TASK DIRECTIONS | Repeat every record below exactly, but leave out any pictures.

RECORDS PROVIDED |
- - -
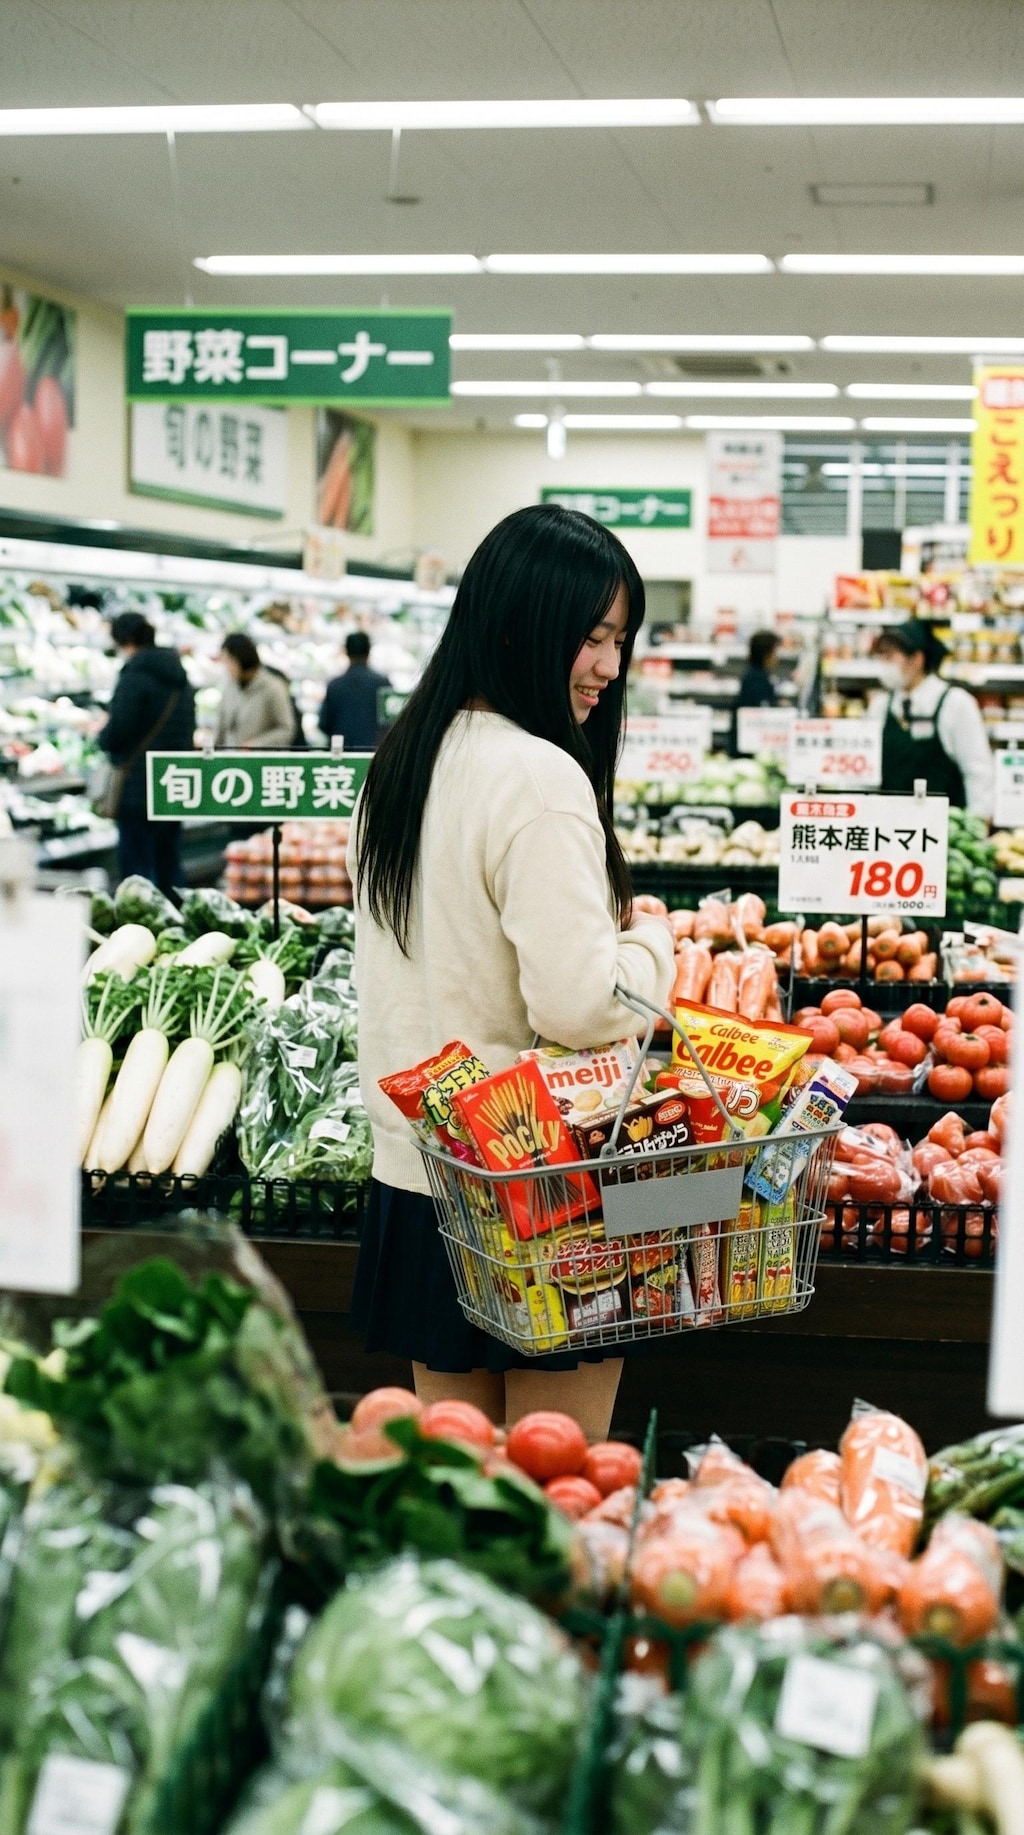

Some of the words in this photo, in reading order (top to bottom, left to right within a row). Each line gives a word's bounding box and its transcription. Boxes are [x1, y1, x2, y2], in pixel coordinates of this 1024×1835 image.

[143, 329, 435, 384] 野菜コーナー
[160, 764, 356, 810] 旬の野菜
[791, 824, 939, 852] 熊本産トマト
[710, 1024, 759, 1044] Calbee
[546, 1056, 622, 1089] meiji
[676, 1034, 773, 1080] Calbee
- - -
ANSWER SECTION |
Some of the words in this photo, in reading order (top to bottom, left to right within a row). Each line gives a word's bounding box and its transcription. Boxes are [x1, y1, x2, y2], in pixel coordinates of this 1024×1835 image.

[143, 329, 435, 384] 野菜コーナー
[160, 764, 356, 810] 旬の野菜
[791, 824, 939, 852] 熊本産トマト
[710, 1024, 759, 1044] Calbee
[546, 1056, 622, 1089] meiji
[676, 1034, 773, 1080] Calbee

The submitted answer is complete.